Data Transmission Service (DTS) を使用して、ApsaraDB for MongoDB のレプリカセットインスタンスから AnalyticDB for PostgreSQL インスタンスへデータを移行します。DTS は完全なデータ移行および増分データ移行をサポートしているため、ダウンタイムを最小限に抑えて切り替えが可能です。
サポートされる機能
| 機能 | 対応状況 | 備考 |
|---|---|---|
| 完全なデータ移行 | はい | すべての既存データを移行します |
| 増分データ移行 | はい | 挿入、更新($set のみ)、削除操作をキャプチャします |
| コレクションレベルの移行 | はい | データベースレベルの移行はサポートされていません |
| シャードクラスターをソースとして使用 | はい | Mongos ノード数は 10 を超えてはなりません。_id はコレクション間で一意である必要があります |
| ETL | はい | タスク構成でデータ処理文を入力します |
| 速度制限 | はい | 完全移行および増分移行の両方で設定可能です |
| 送信先として追記最適化(AO)テーブルを使用 | いいえ | |
| トランザクションの保持 | いいえ | トランザクションは個別のレコードに変換されます |
| 時系列コレクション(MongoDB 5.0+) | いいえ | |
| SRV レコード接続 | いいえ | |
admin、config、local データベースの移行 | いいえ |
課金
| 移行タイプ | リンク構成料金 | データ転送コスト |
|---|---|---|
| 全データ移行 | 無料 | 課金対象項目Alibaba Cloud インスタンスアクセスを使用する場合は無料です。パブリック IP アドレスアクセスを使用する場合は有料です。をご参照ください。 |
| 増分データ移行 | 有料 | 課金概要をご参照ください。 |
前提条件
開始する前に、以下の条件を満たしていることを確認してください。
移行元の ApsaraDB for MongoDB インスタンスが使用しているストレージ領域よりも少なくとも 10 % 大きいストレージ領域を持つ、移行先の AnalyticDB for PostgreSQL インスタンス。詳細については、「インスタンスの作成」をご参照ください。

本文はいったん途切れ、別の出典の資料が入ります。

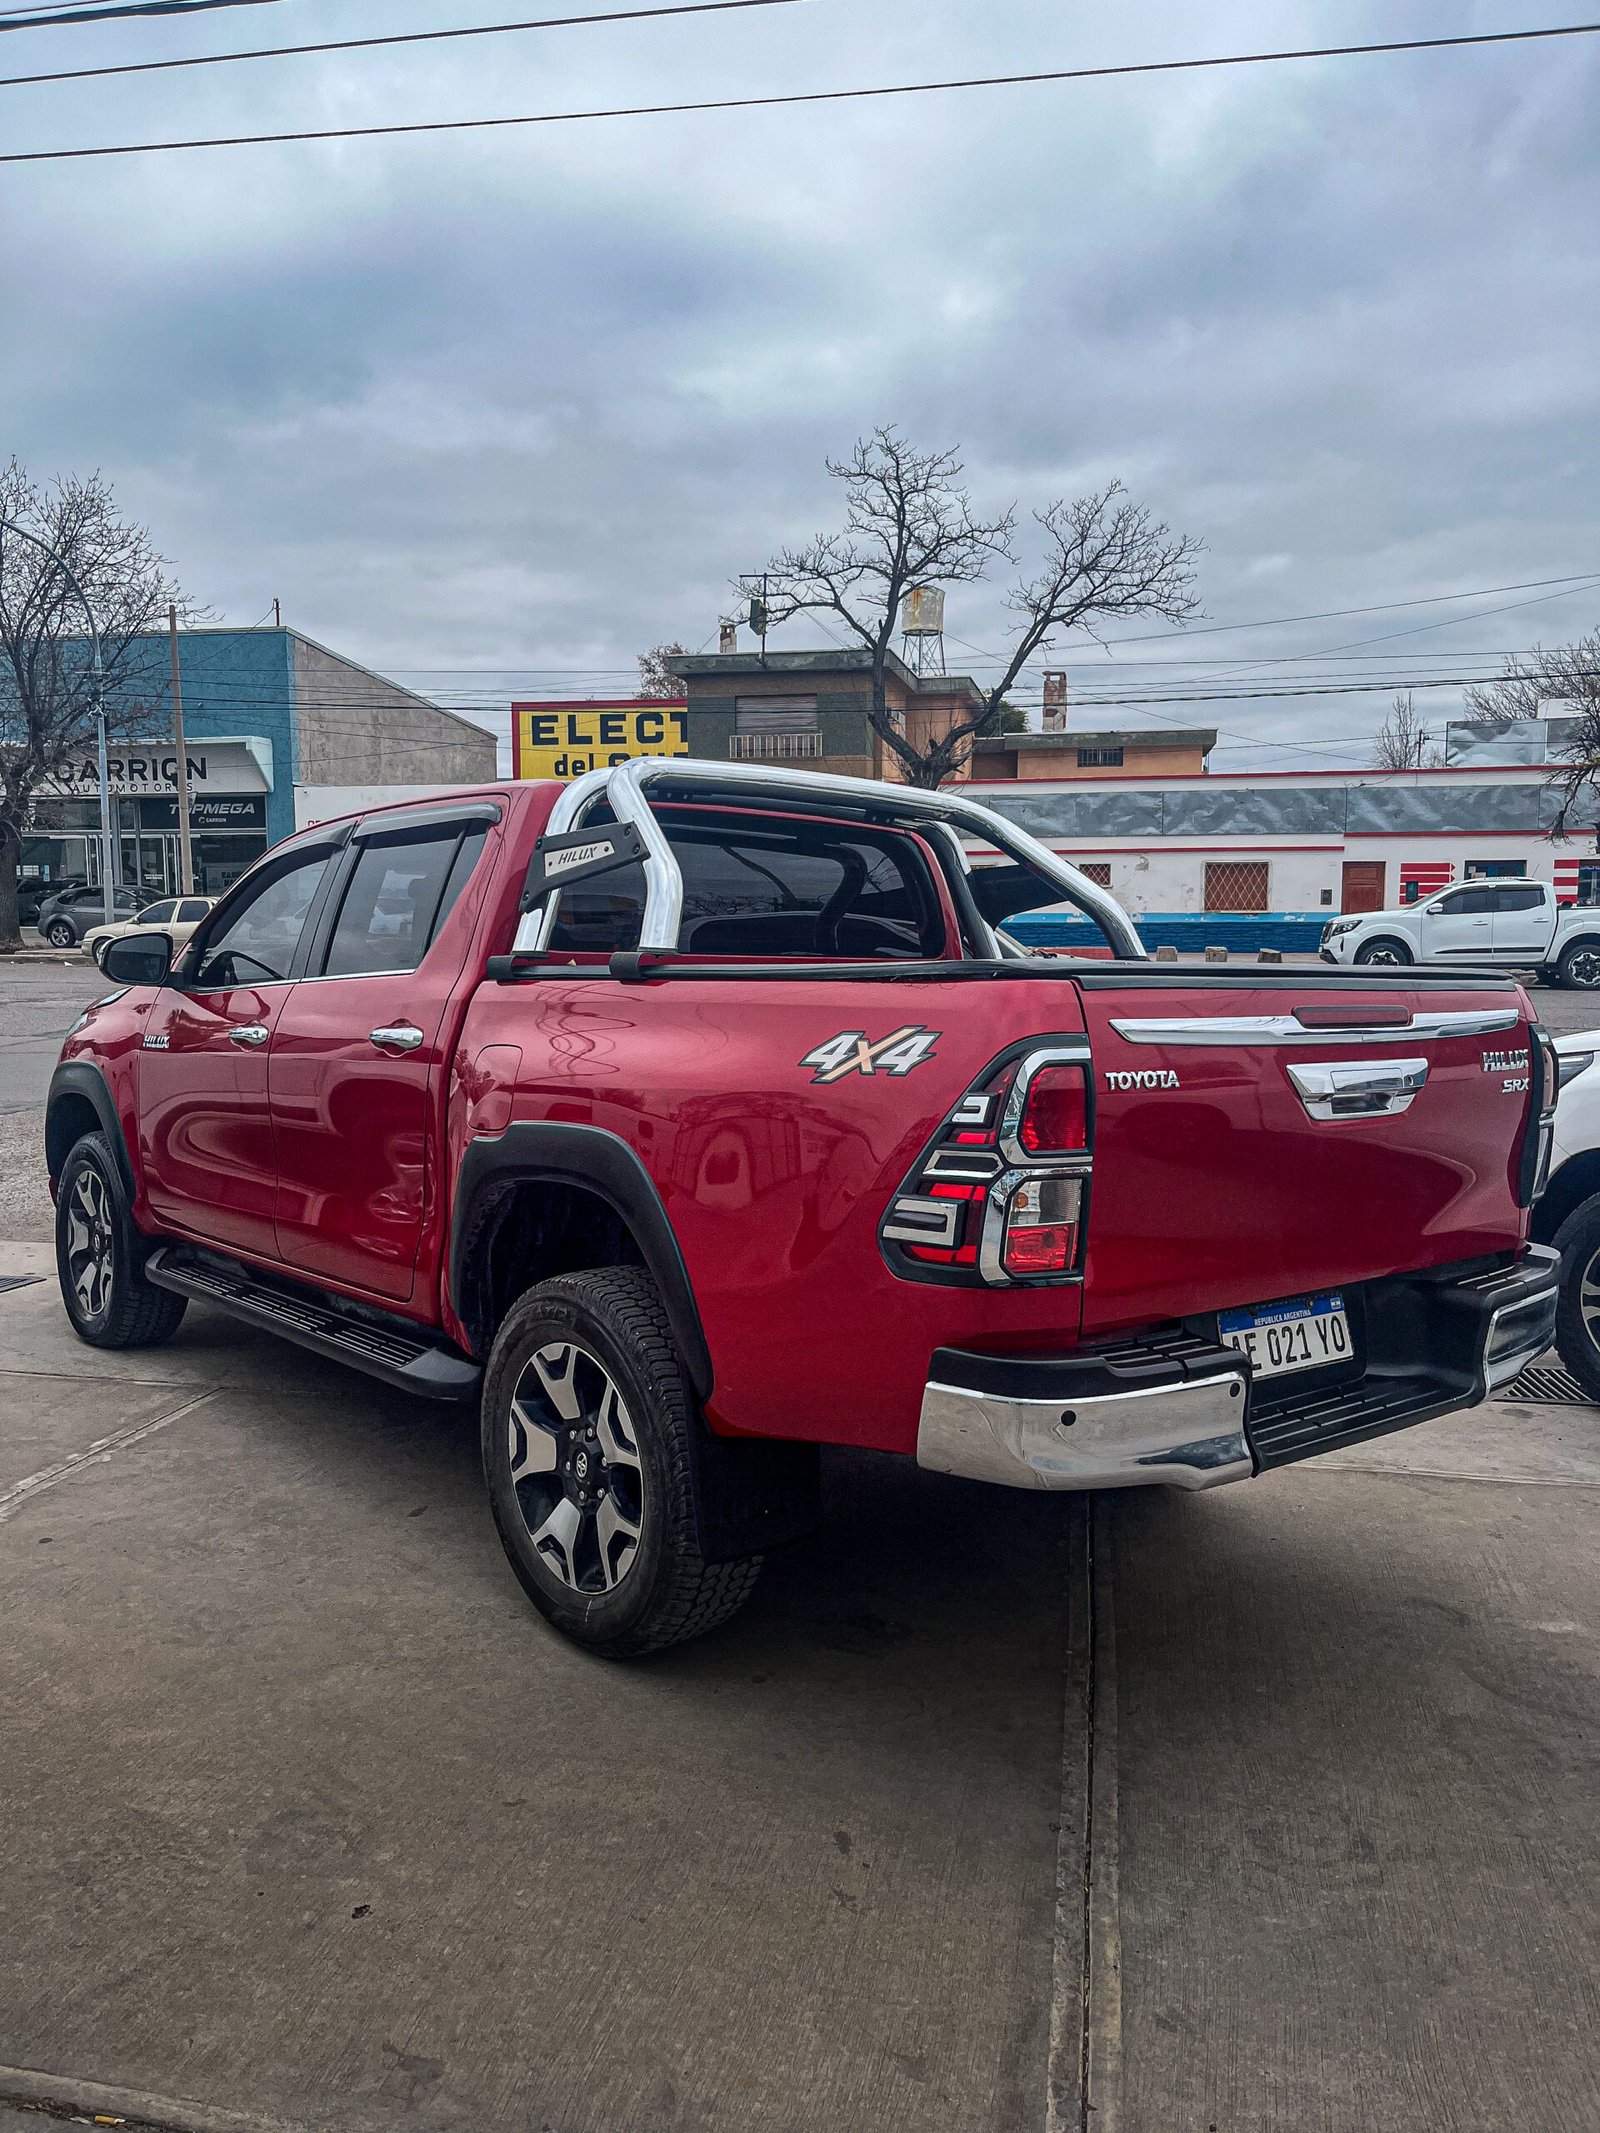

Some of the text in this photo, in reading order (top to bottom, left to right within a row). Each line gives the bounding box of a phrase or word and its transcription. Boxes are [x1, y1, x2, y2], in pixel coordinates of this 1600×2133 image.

移行対象データ用に、移行先インスタンスにデータベース、スキーマ、および一意(複合でない)プライマリキーを持つテーブルを作成済みであること。詳細については、「SQL 構文」をご参照ください。
重要移行先テーブルを作成する際は、以下の点にご注意ください。 - MongoDB の
_idフィールド(ObjectId 型)を、AnalyticDB for PostgreSQL の varchar 列にマップします。 - 任意の列名を_idまたは_valueとしないでください。 - フィールドマッピングの構成時に、プライマリキー列の値としてbson_value("_id")を指定します。 - 追記最適化(AO)テーブルは移行先テーブルとしてサポートされていません。シャードクラスターを移行元とする場合:すべてのシャードノードのエンドポイント、およびすべてのシャードで共通のデータベースアカウントとパスワードが必要です。詳細については、「シャードエンドポイントの申請」をご参照ください。
必要な権限を持つデータベースアカウント。詳細については、「必要な権限」をご参照ください。
必要な権限
| データベース | 完全移行 | 増分移行 |
|---|---|---|
| 移行元 ApsaraDB for MongoDB | 移行対象データベースの読み取り | 移行対象のデータベース、管理者データベース、およびローカルデータベースからの読み取り |
| 移行先 AnalyticDB for PostgreSQL | 移行先データベースに対する読み取りおよび書き込み権限 | 移行先データベースに対する読み取りおよび書き込み権限 |
ソースデータベースアカウントの作成および権限付与については、「MongoDB データベースアカウントの権限管理」をご参照ください。
移行先では、初期アカウントまたは RDS_SUPERUSER 権限を持つアカウントを使用してください。詳細については、「ユーザーの作成と管理」および「ユーザー権限の管理」をご参照ください。
制限事項
ソースデータベース
帯域幅:ソースデータベースサーバーには十分なアウトバウンド帯域幅が必要です。そうでないと、移行速度に影響が出ます。
コレクション数の制限:名前マッピングを構成した場合、1 つの移行タスクで最大 1,000 コレクションを移行できます。この制限を超える場合は、オブジェクトを複数のタスクに分割してください。
完全移行のみ対応:スタンドアロンの MongoDB インスタンス、Azure Cosmos DB for MongoDB、Amazon DocumentDB エラスティッククラスターは、完全なデータ移行のみをサポートしています。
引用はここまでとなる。